Pasta, bread, pizza, doughnuts…Oh, how I can almost see many a weight watcher cringing at the mention of these words. For years, carbs have been singled out as one of the major dietary enemies, with people going to pretty extreme lengths to avoid them. But a swing in recent thought by health professionals and wellness ambassadors has given carbs their popularity back, with many now promoting carbohydrates as a balanced diet basic. Heck, there’s even claims that it will help with weight-loss!
By Jana du Plessis
Carbohydrates round out the three macronutrients that our bodies run. Protein, fat and carbs – each with their own, unique function – work together to supply the energy our bodies need on a daily basis. Protein looks after our muscles by constantly building and repairing it as we move; fats are important for all cellular functions and protecting our vital organs; while carbohydrates gives the fuel to keep us going. Looking at it this way, it becomes clear that eliminating carbs from our diet cannot be sustainable for a healthy, functional body. But does that mean we may reach over for that loaf of bread? Not so fast.

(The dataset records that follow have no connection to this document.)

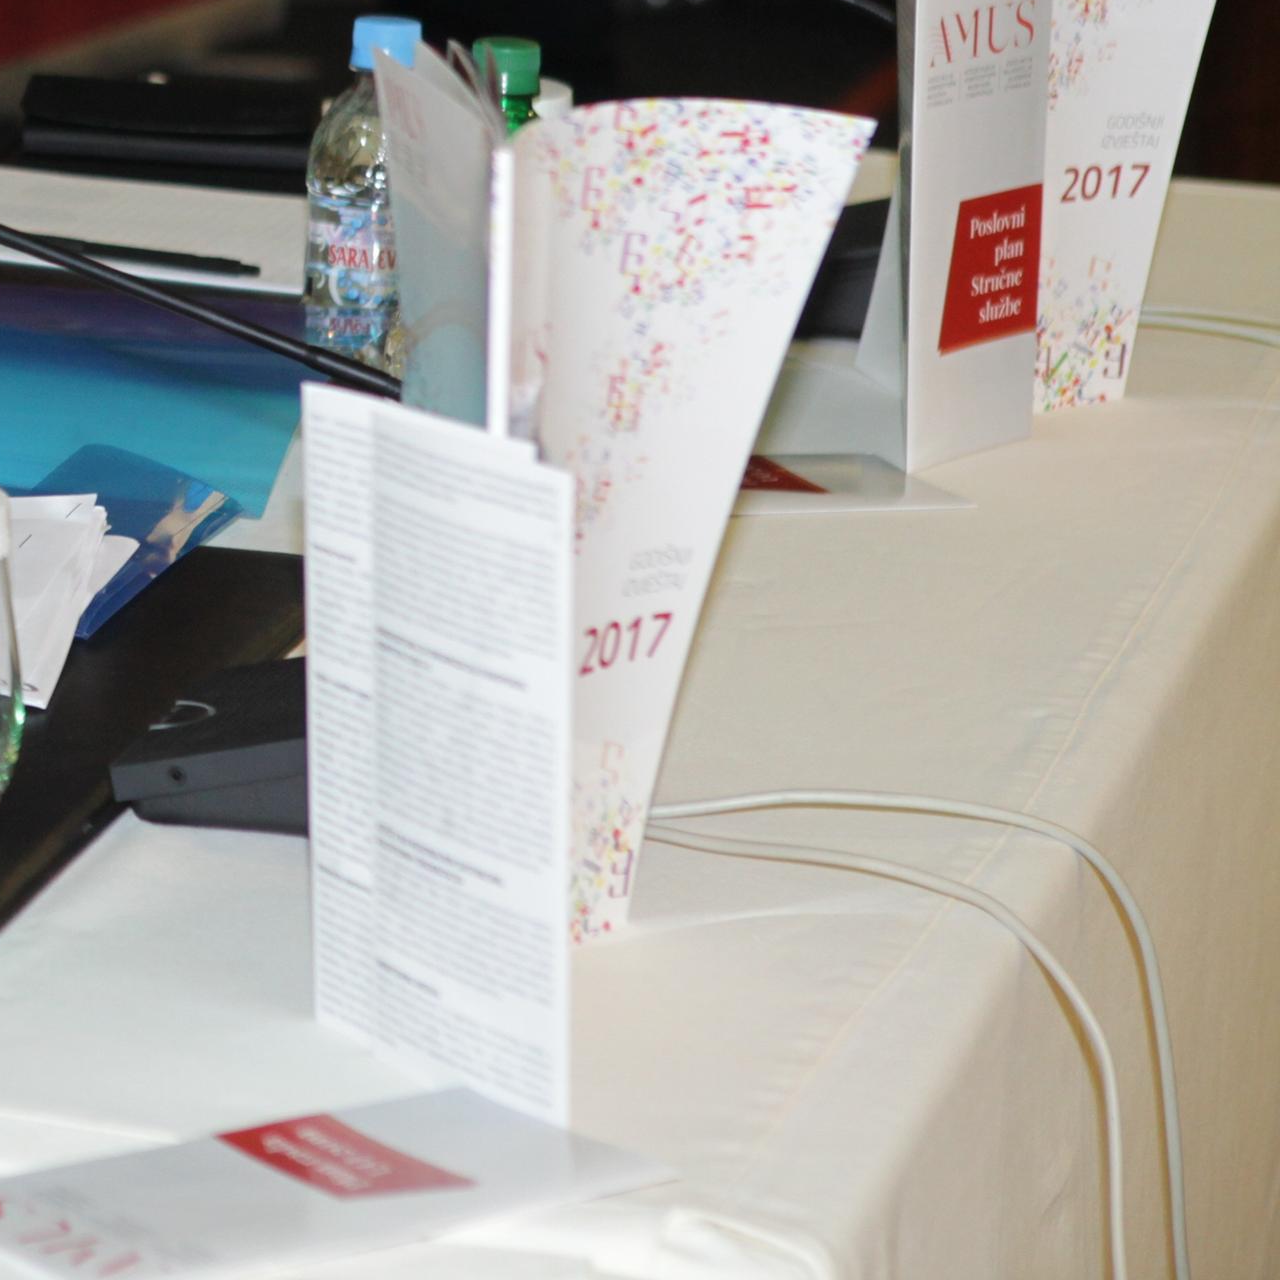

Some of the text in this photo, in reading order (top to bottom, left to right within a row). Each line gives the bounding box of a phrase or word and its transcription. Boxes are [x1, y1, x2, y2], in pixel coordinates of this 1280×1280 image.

[1060, 162, 1151, 204] 2017
[969, 204, 1026, 239] Poslovni
[994, 236, 1024, 267] plan
[970, 267, 1023, 297] Stručne
[978, 295, 1022, 324] službe
[578, 612, 673, 677] 2017
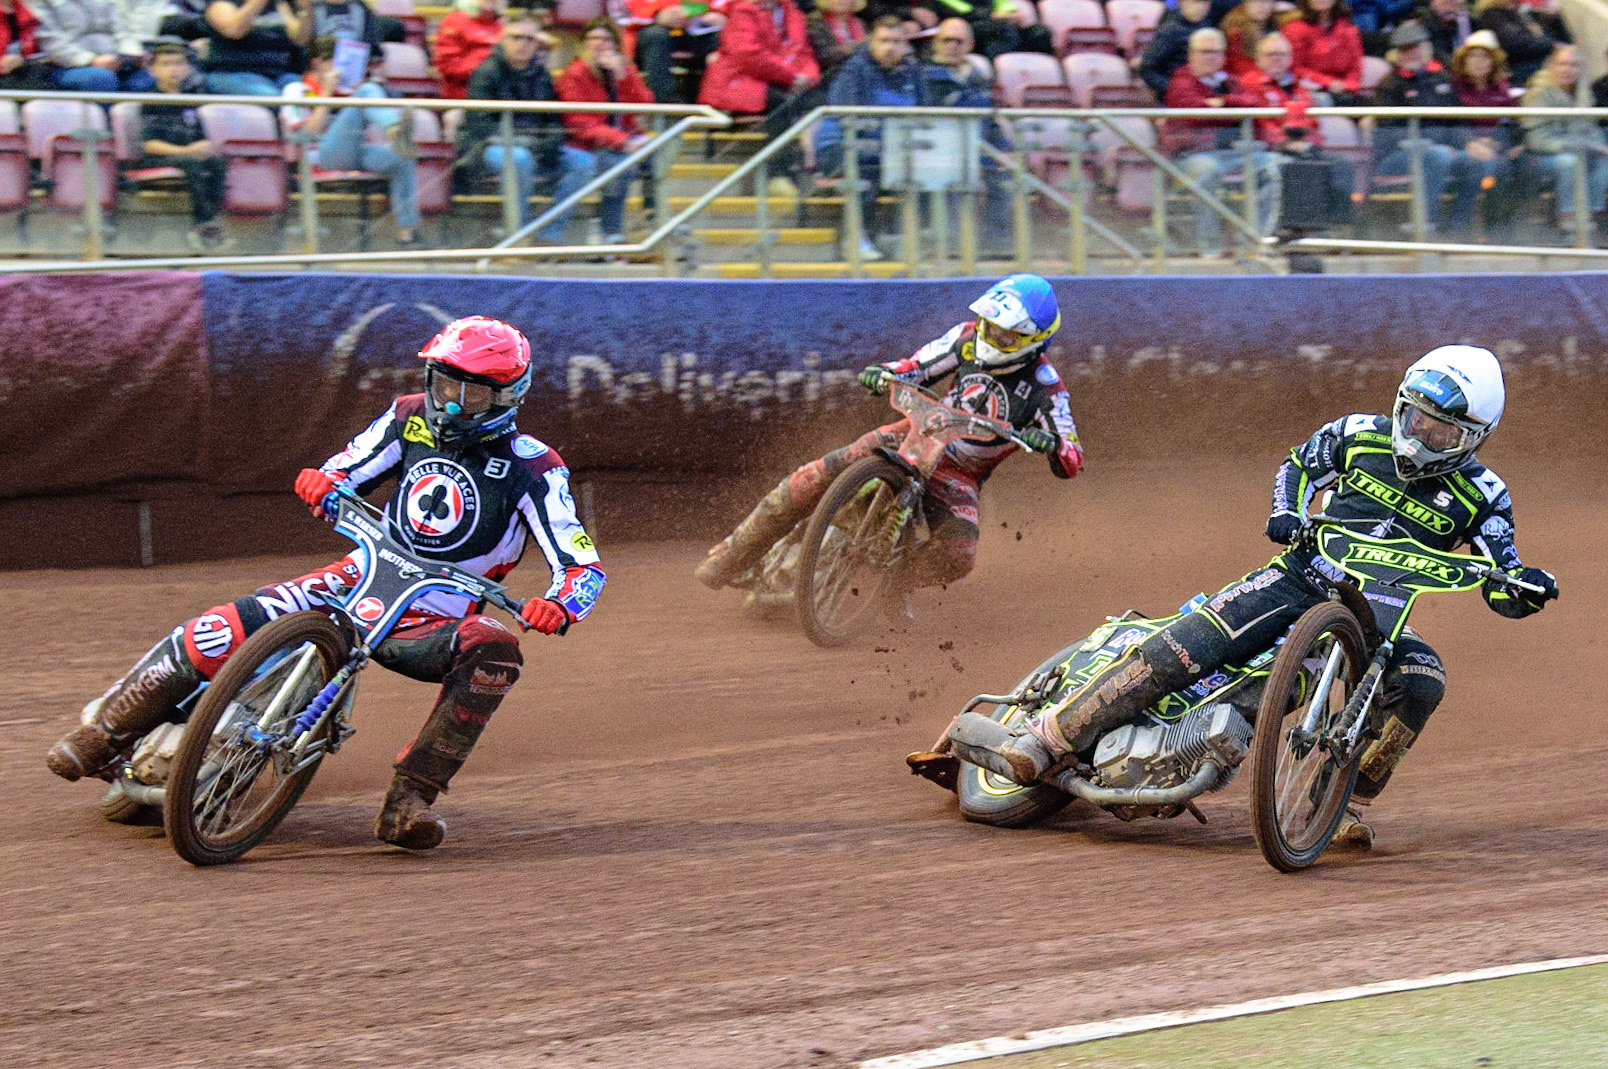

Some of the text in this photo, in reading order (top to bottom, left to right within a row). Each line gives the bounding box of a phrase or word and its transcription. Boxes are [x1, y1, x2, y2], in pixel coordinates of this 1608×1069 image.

[409, 464, 476, 511] BELLE VUE ACES
[1356, 475, 1449, 531] TRU MIX

As much as carbohydrates are important in your diet, the type of carbohydrates you eat plays just as big of a role. When consuming carbs, it gets turned into glucose, which in turn are used by our cells as energy. But eat too much and the underutilised glucose will turn into fat. Here is where the significance of the type of carbs comes into play. Any refined carbohydrate, where all the fibre has been removed, will be faster to digest than whole foods and unrefined grains. Put in perspective, if you eat one serving of refined grains and the same size serving of wholegrains, you’ll more than likely get hungry sooner with the refined grains.
By now, most of us know that the more food we eat, the more kilojoules enter our body and the more likely we will pick up weight if we are not active enough to burn off all of the extra energy. Thus, by eating more when consuming refined grains, our bodies won’t magically take care of the extra kilojoules we take in just because we are hungry more often. That’s why fibre-rich carbohydrates will offer a slow release of energy, keeping hunger at bay and lowering kilojoule consumption.
So in order to keep our bodies full of energy without packing on the pounds, we must assess how much and what type of carbohydrates we choose to fuel our bodies with. It is true that everyone is unique in their makeup and our different lifestyles will dictate how our bodies will respond to the carbs we eat, but the basic principle still remains: we all need carbohydrates in order to be properly nourished. Choose wholegrains like brown rice, rye bread and wholewheat pasta as opposed to white rice, white bread and white pasta. And incorporate plenty of root veggies such as sweet potato, beetroot and pumpkin for extra nutrients with the fibre. And remember, the more active you are, the more carbs you will need, just be careful not to go overboard with your portions!